*** Opening of GIVEN RECORDS ***

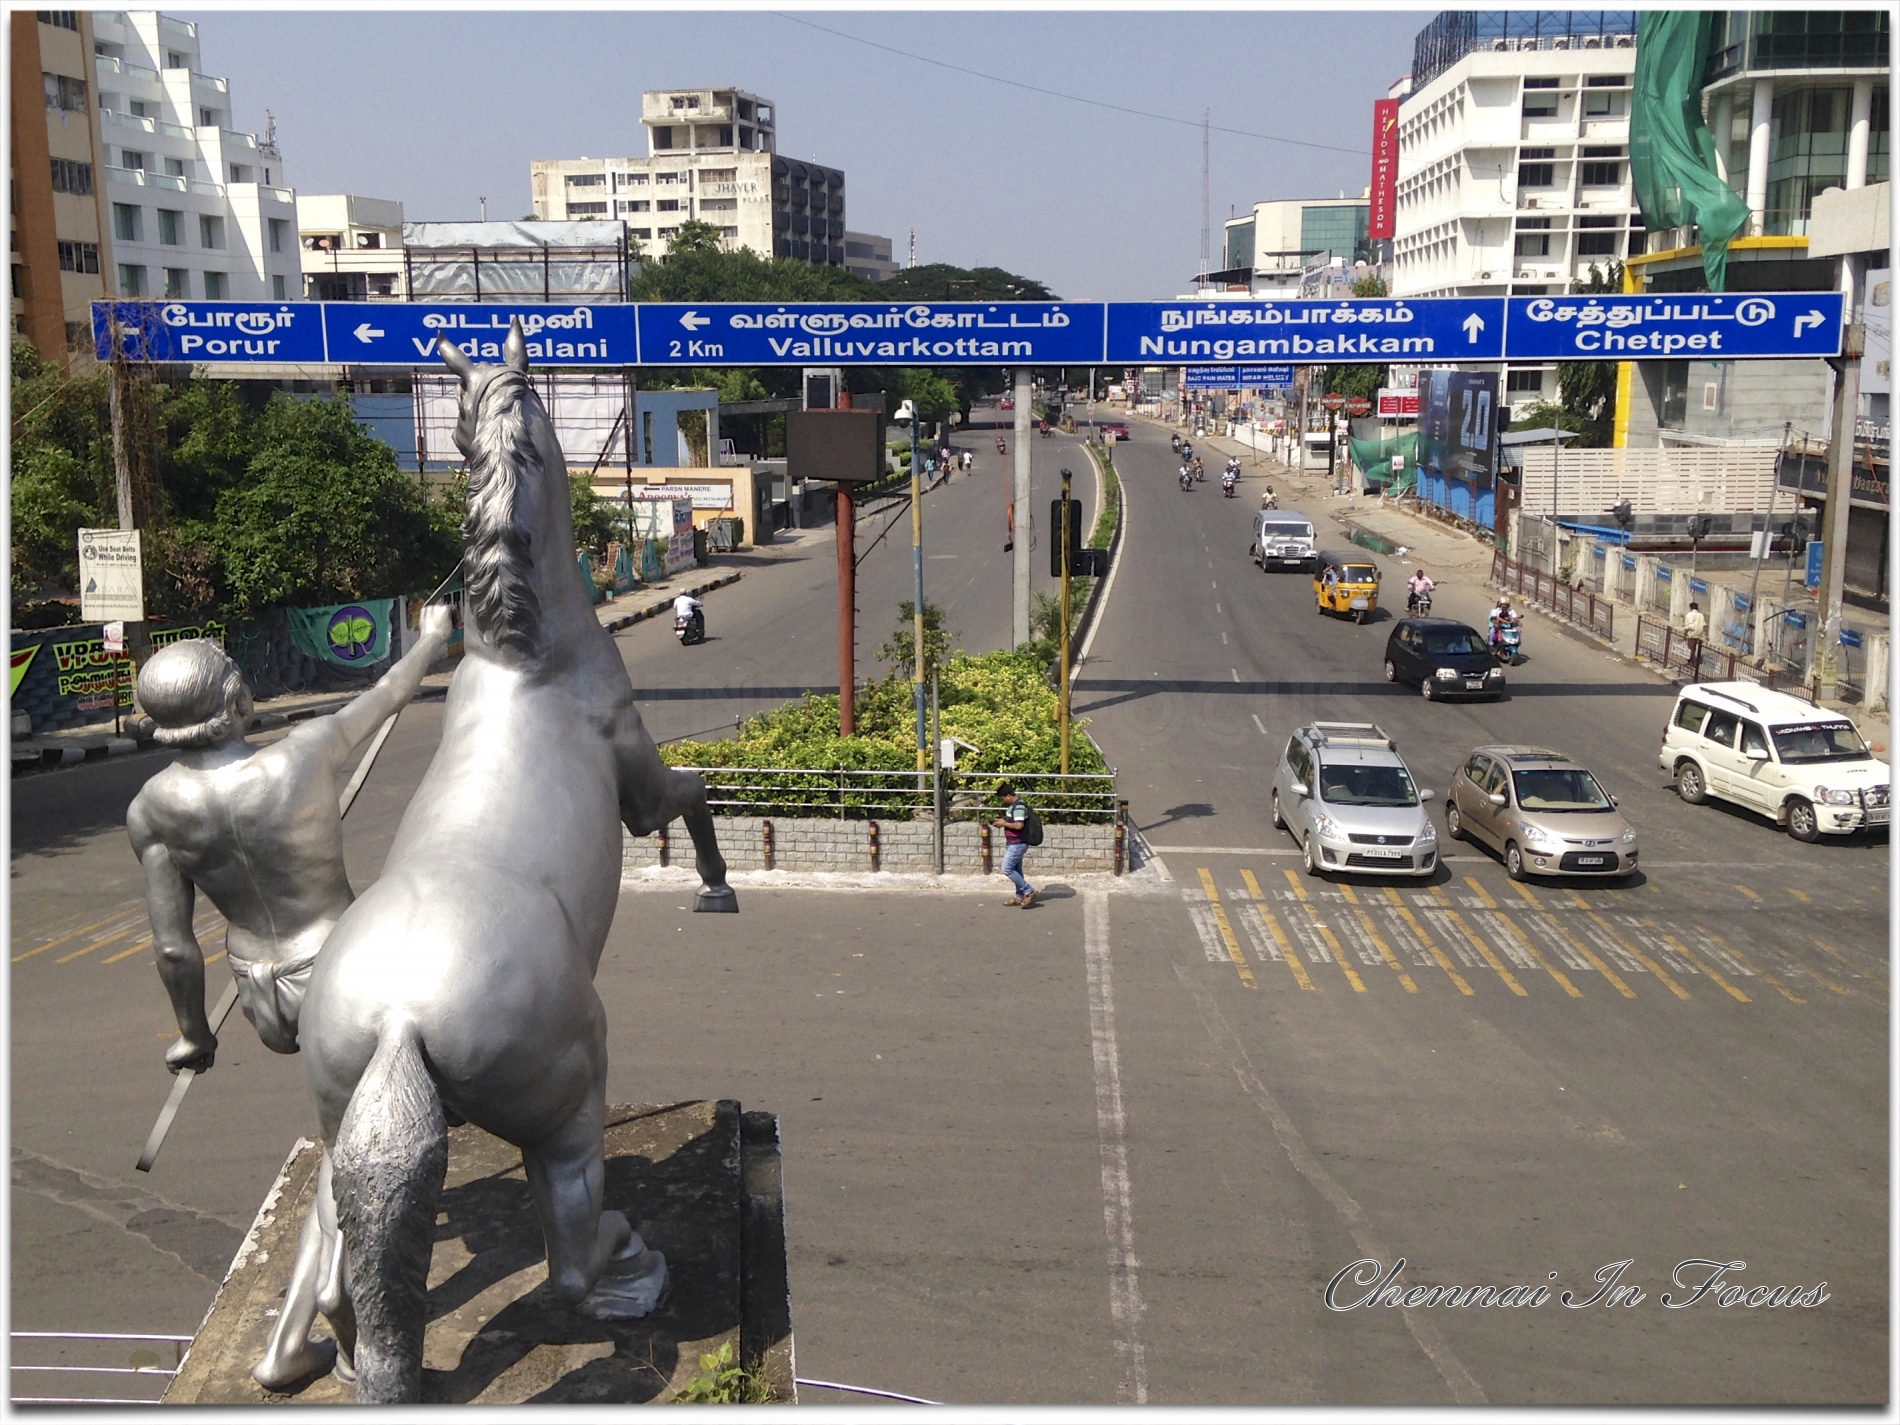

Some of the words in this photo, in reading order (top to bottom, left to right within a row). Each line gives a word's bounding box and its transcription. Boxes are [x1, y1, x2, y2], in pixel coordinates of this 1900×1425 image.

[1380, 108, 1389, 156] HELIOS
[716, 182, 758, 193] JHAVER
[1376, 166, 1387, 229] MATHESON
[161, 304, 296, 335] போரூர்
[422, 306, 593, 337] வடபழனி
[729, 305, 1071, 336] வள்ளுவர்கோட்டம்
[1160, 301, 1415, 332] நுங்கம்பாக்கம்
[1525, 297, 1776, 329] சேத்துப்பட்டு
[180, 335, 281, 355] Porur
[411, 338, 608, 358] Vdaalani
[669, 340, 682, 358] 2
[688, 340, 723, 358] Km
[767, 337, 1033, 358] Valluvarkottam
[1140, 334, 1435, 360] Nungambakkam
[1575, 330, 1723, 354] Chetpet
[1460, 389, 1491, 451] 2.0
[98, 553, 115, 561] While
[116, 553, 137, 563] Driving

*** Close of GIVEN RECORDS ***

- WHAT TO DO -
The copy you write must hold every record verbatim and none of the pictures.

- YOUR RESPONSE -
Some of the words in this photo, in reading order (top to bottom, left to right within a row). Each line gives a word's bounding box and its transcription. Boxes are [x1, y1, x2, y2], in pixel coordinates of this 1900×1425 image.

[1380, 108, 1389, 156] HELIOS
[716, 182, 758, 193] JHAVER
[1376, 166, 1387, 229] MATHESON
[161, 304, 296, 335] போரூர்
[422, 306, 593, 337] வடபழனி
[729, 305, 1071, 336] வள்ளுவர்கோட்டம்
[1160, 301, 1415, 332] நுங்கம்பாக்கம்
[1525, 297, 1776, 329] சேத்துப்பட்டு
[180, 335, 281, 355] Porur
[411, 338, 608, 358] Vdaalani
[669, 340, 682, 358] 2
[688, 340, 723, 358] Km
[767, 337, 1033, 358] Valluvarkottam
[1140, 334, 1435, 360] Nungambakkam
[1575, 330, 1723, 354] Chetpet
[1460, 389, 1491, 451] 2.0
[98, 553, 115, 561] While
[116, 553, 137, 563] Driving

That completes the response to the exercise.